--- EXERCISE DIRECTIONS ---
Only the pictures should be dropped; copy the rest of the entries exactly.

*** DATA TO PROCESS ***

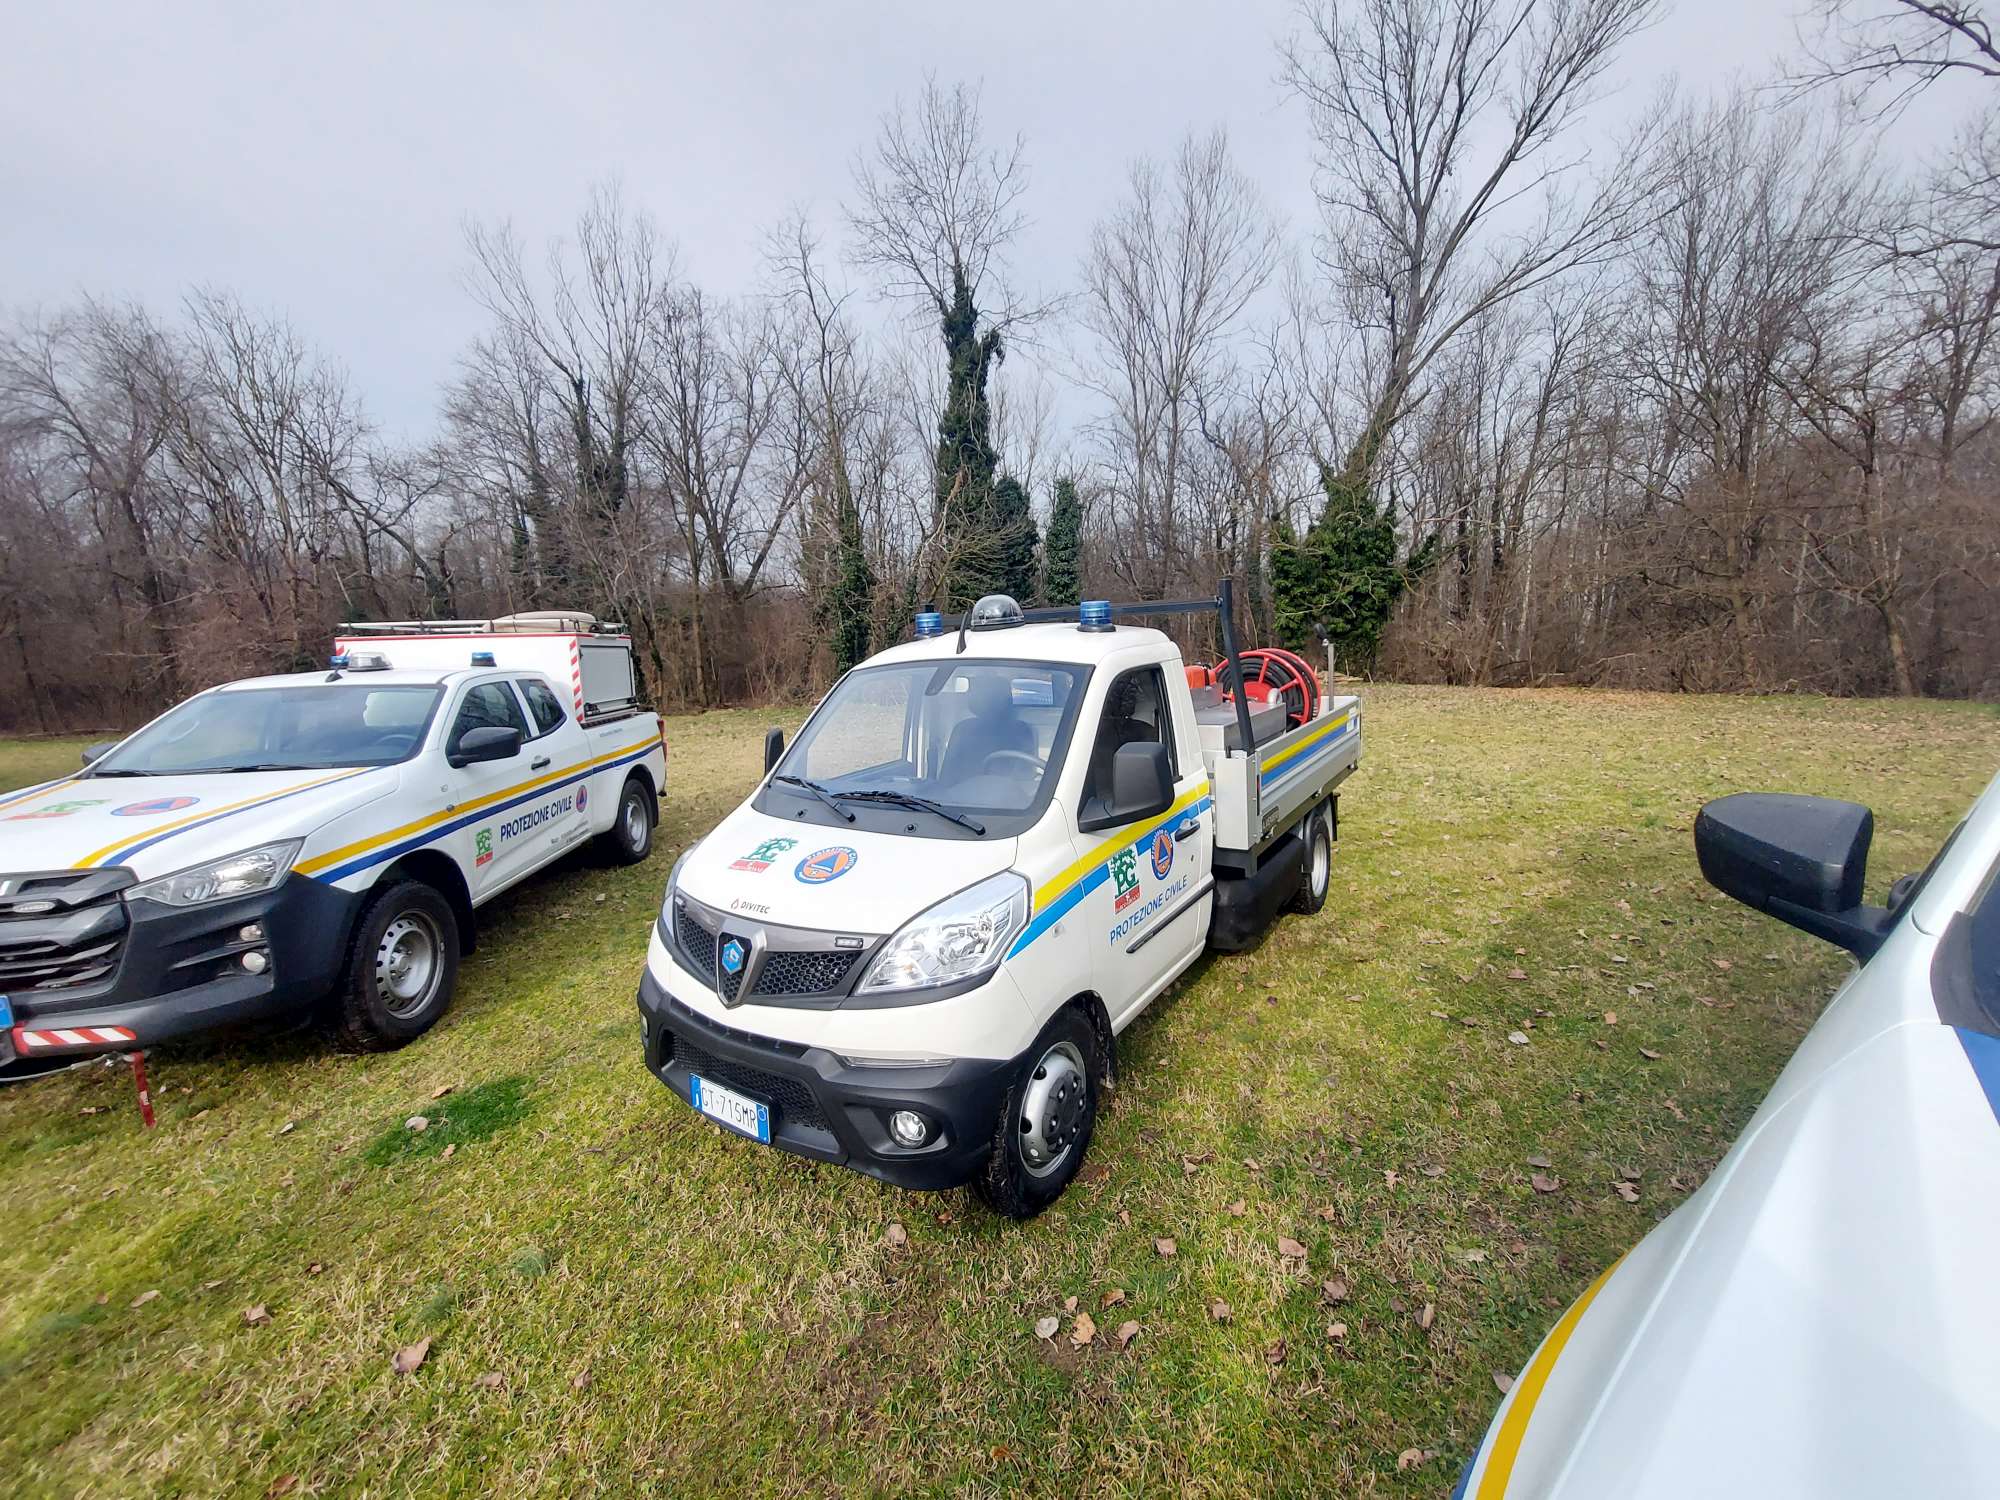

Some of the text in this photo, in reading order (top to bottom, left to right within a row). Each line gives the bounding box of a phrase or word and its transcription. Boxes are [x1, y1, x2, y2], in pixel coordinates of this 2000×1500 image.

[500, 806, 549, 842] PROTEZIONE
[551, 795, 572, 818] CIVILE
[740, 901, 770, 914] DIVITEC
[1109, 893, 1163, 947] PROTEZIONE
[1165, 874, 1188, 904] CIVILE
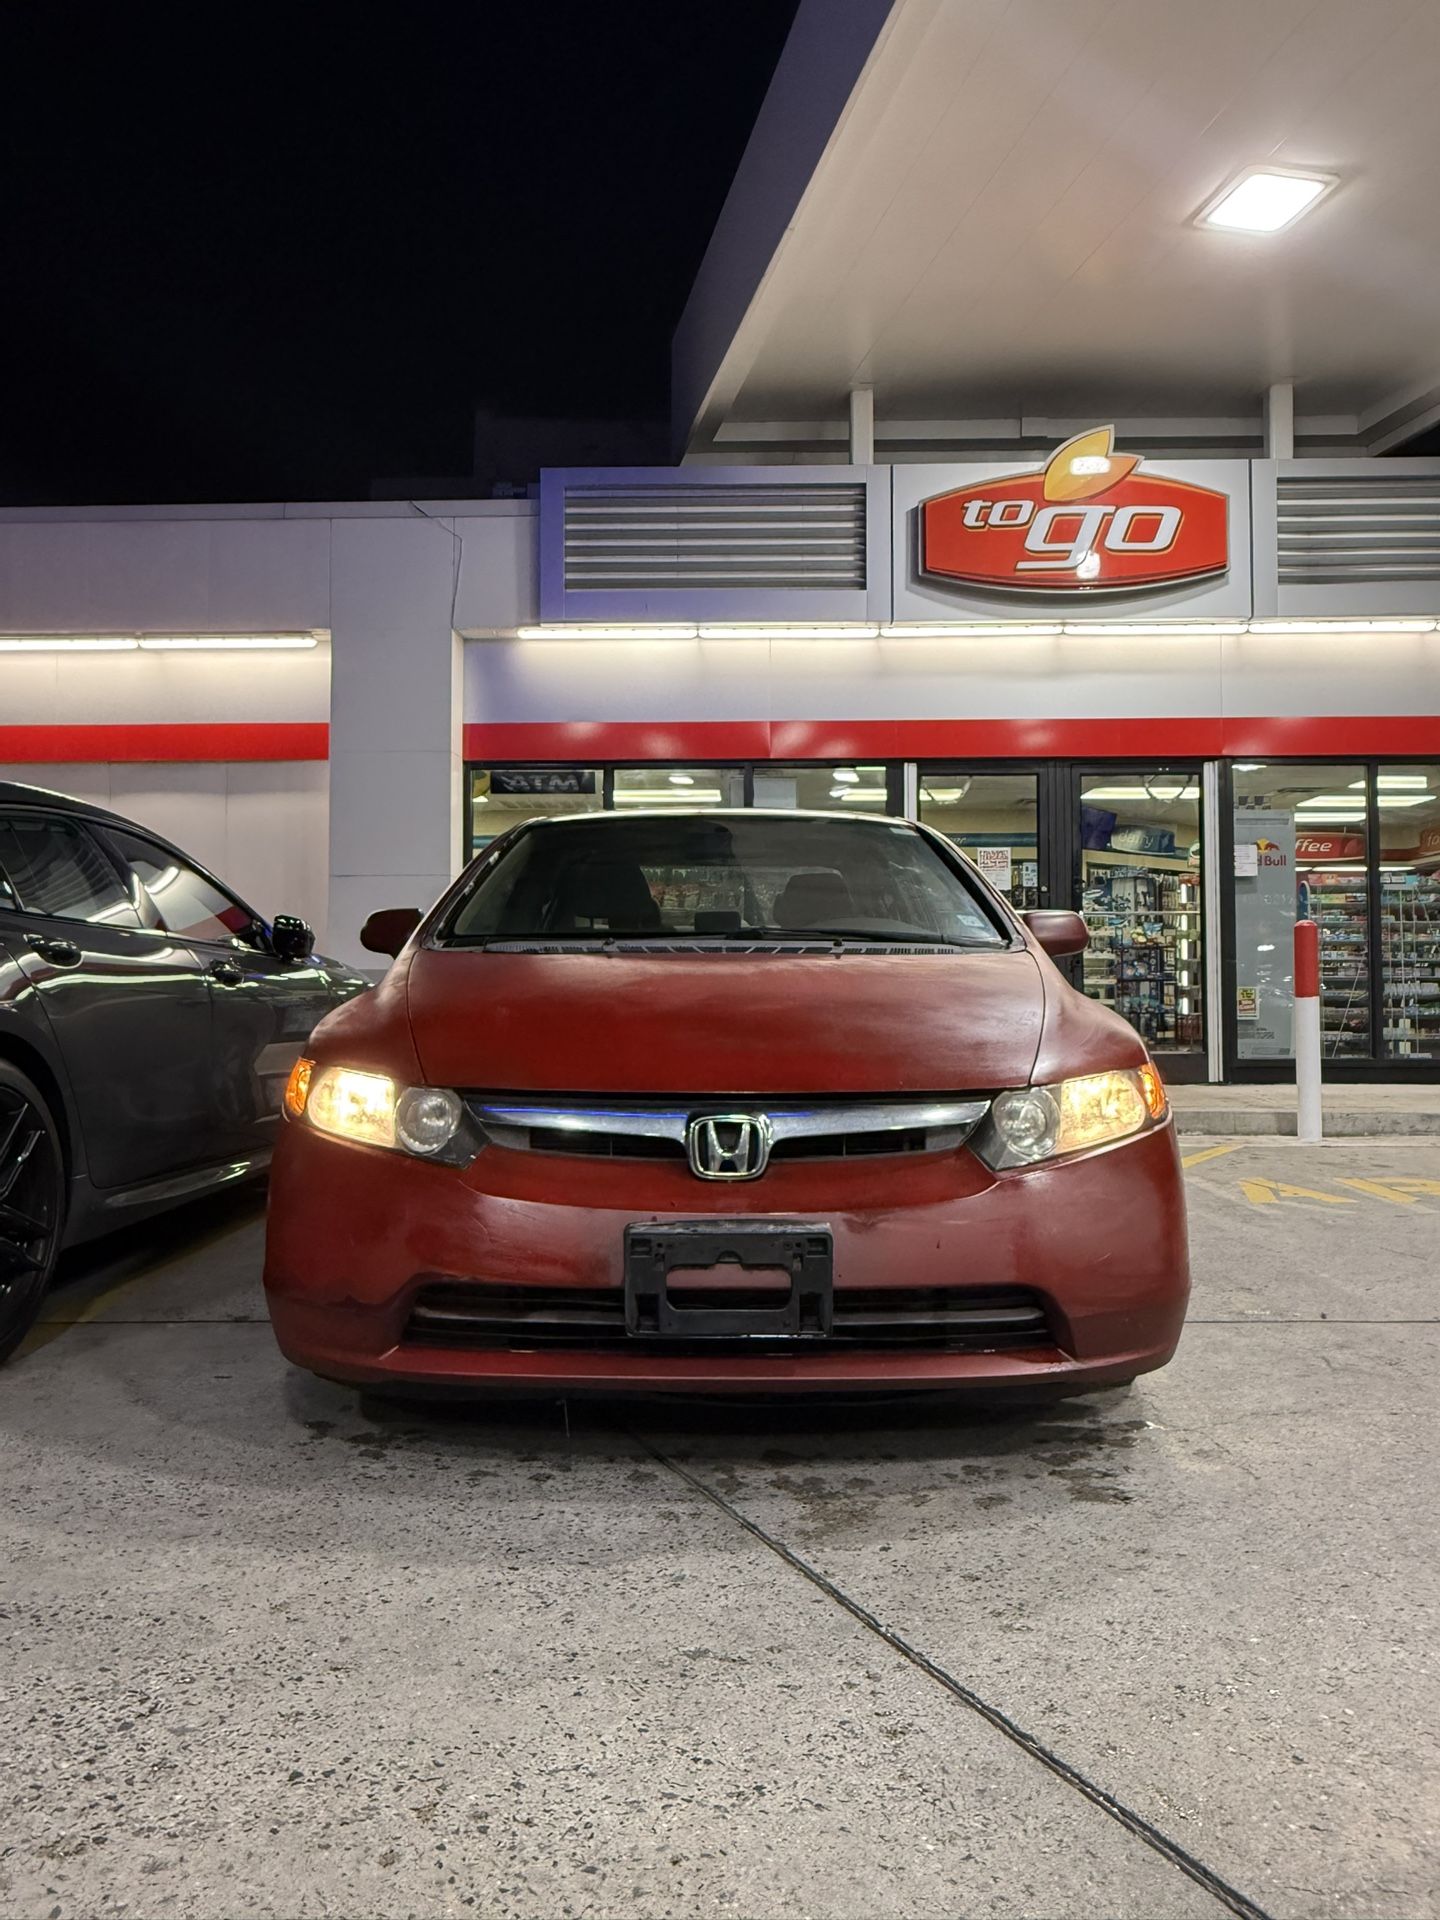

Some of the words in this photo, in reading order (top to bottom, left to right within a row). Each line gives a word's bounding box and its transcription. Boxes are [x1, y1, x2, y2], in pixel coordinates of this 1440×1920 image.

[963, 500, 1034, 528] to
[1015, 505, 1183, 572] go
[508, 775, 580, 791] ATM
[1295, 838, 1333, 852] ffee
[1264, 855, 1286, 866] Bull
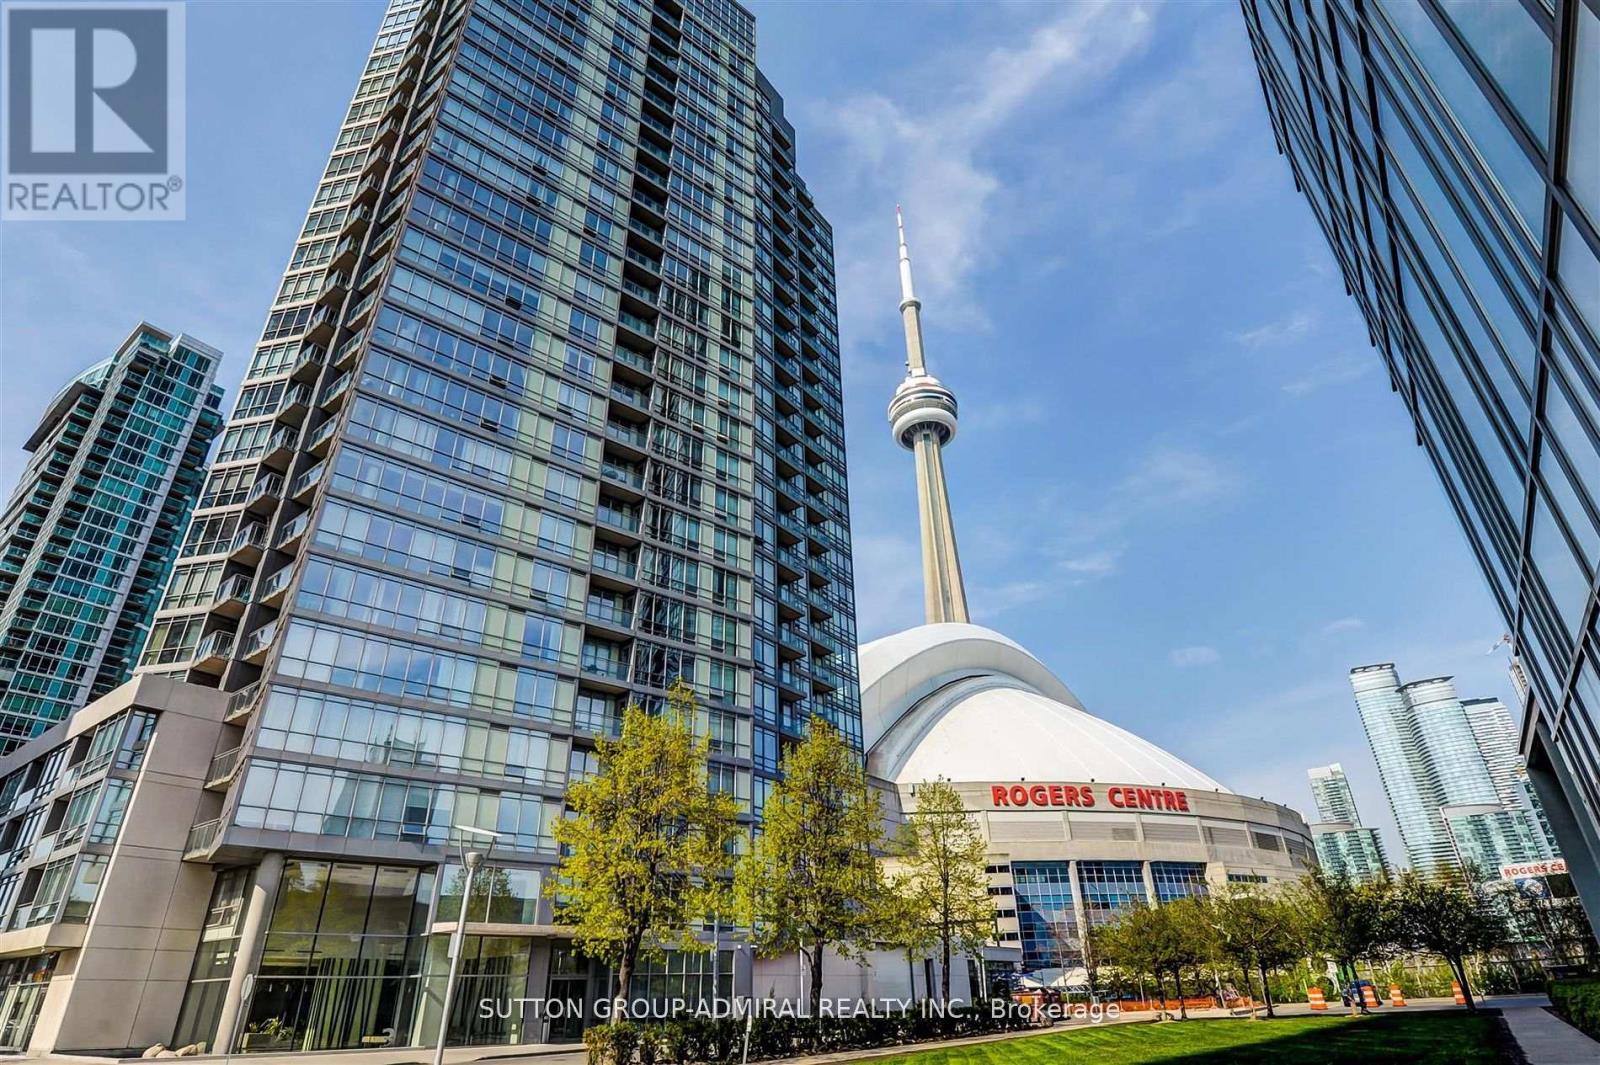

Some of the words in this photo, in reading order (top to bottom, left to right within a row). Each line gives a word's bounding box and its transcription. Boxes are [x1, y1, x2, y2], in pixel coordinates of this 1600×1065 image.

*** End of DATA TO PROCESS ***

--- ANSWER FOR THE TASK ---
Some of the text in this photo, in reading order (top to bottom, left to right within a row). Each line gives the bounding box of a phrase or word and its transcription. Boxes are [x1, y1, x2, y2], in pixel coordinates of this 2000×1500 image.

[500, 806, 549, 842] PROTEZIONE
[551, 795, 572, 818] CIVILE
[740, 901, 770, 914] DIVITEC
[1109, 893, 1163, 947] PROTEZIONE
[1165, 874, 1188, 904] CIVILE

Some of the words in this photo, in reading order (top to bottom, left to right within a row). Each line gives a word's bounding box and its transcription. Boxes are [x1, y1, x2, y2], in pixel coordinates of this 1440×1920 image.

[963, 500, 1034, 528] to
[1015, 505, 1183, 572] go
[508, 775, 580, 791] ATM
[1295, 838, 1333, 852] ffee
[1264, 855, 1286, 866] Bull

Some of the words in this photo, in reading order (top to bottom, left to right within a row). Each line gives a word's bounding box and its transcription. Boxes are [x1, y1, x2, y2], in pixel coordinates of this 1600×1065 image.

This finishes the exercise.